PROBLEM TO SOLVE
Nothing but the images is to be left out of your exact copy of the entries.

ENTRIES PROVIDED

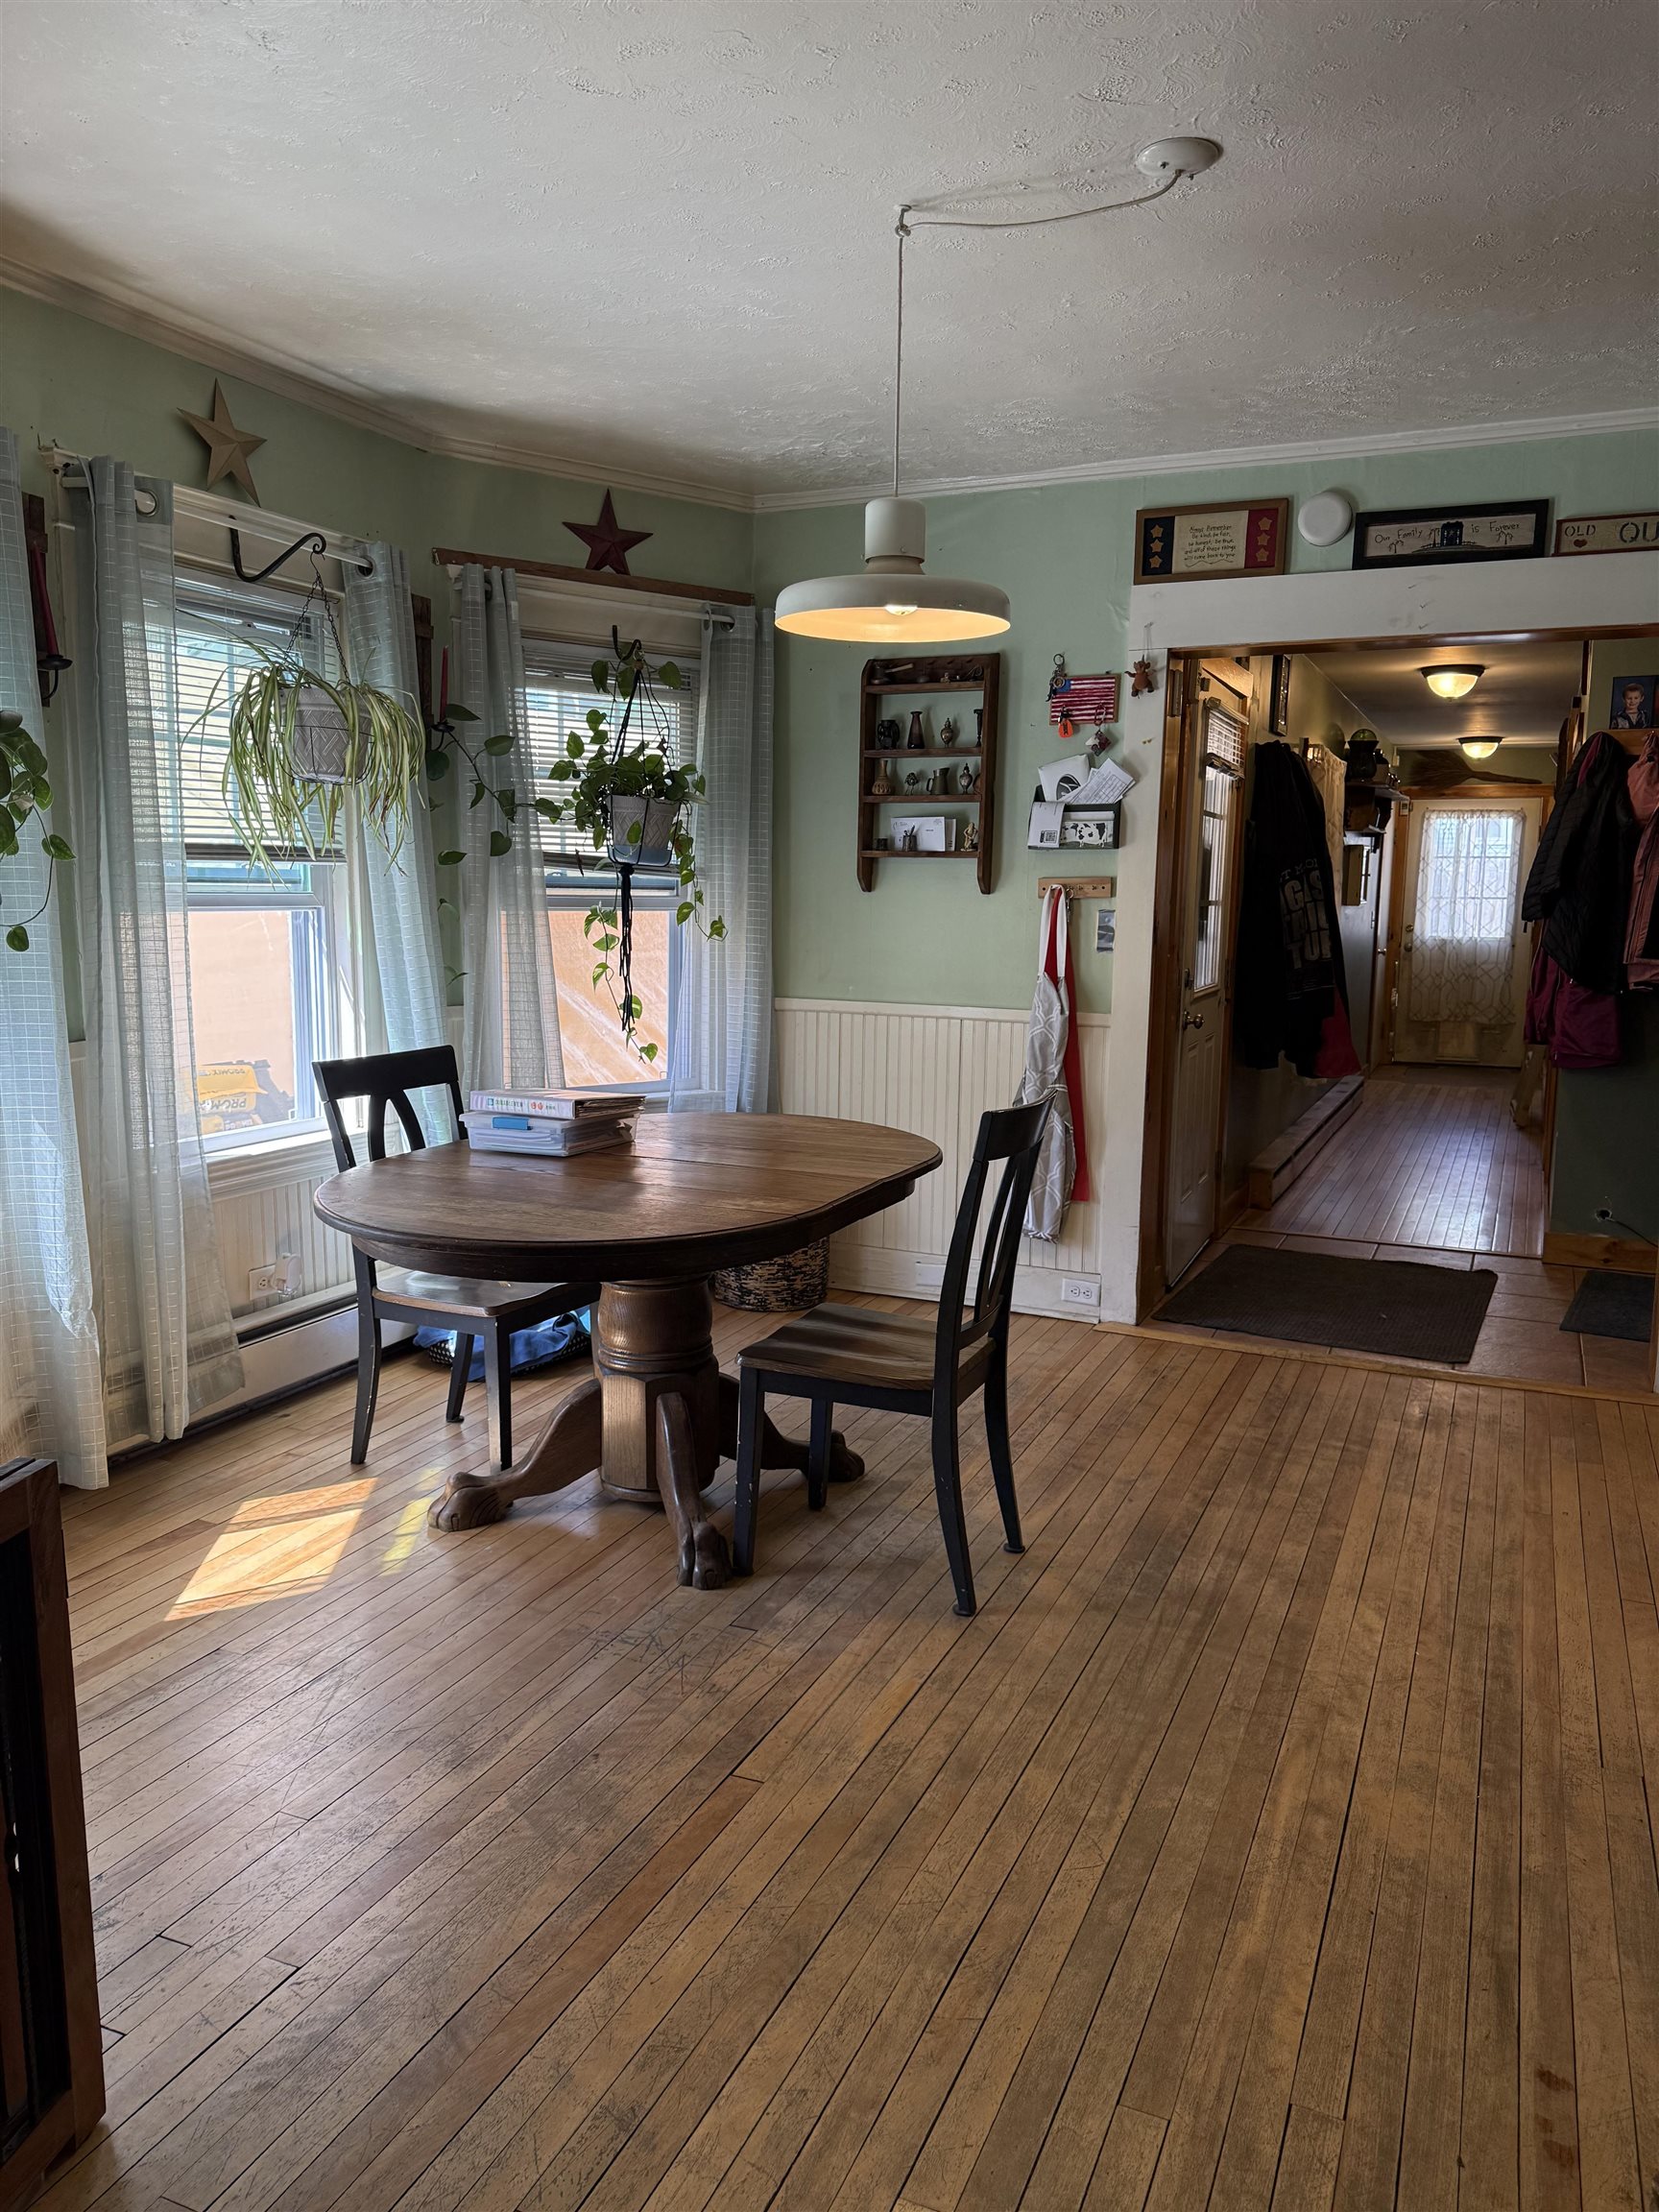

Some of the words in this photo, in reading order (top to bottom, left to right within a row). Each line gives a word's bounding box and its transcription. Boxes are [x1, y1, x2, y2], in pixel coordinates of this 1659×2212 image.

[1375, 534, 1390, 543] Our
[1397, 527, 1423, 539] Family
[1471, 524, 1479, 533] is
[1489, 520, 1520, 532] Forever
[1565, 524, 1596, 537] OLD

RESULT OF THE TASK
Some of the words in this photo, in reading order (top to bottom, left to right within a row). Each line gives a word's bounding box and its transcription. Boxes are [x1, y1, x2, y2], in pixel coordinates of this 1659×2212 image.

[1375, 534, 1390, 543] Our
[1397, 527, 1423, 539] Family
[1471, 524, 1479, 533] is
[1489, 520, 1520, 532] Forever
[1565, 524, 1596, 537] OLD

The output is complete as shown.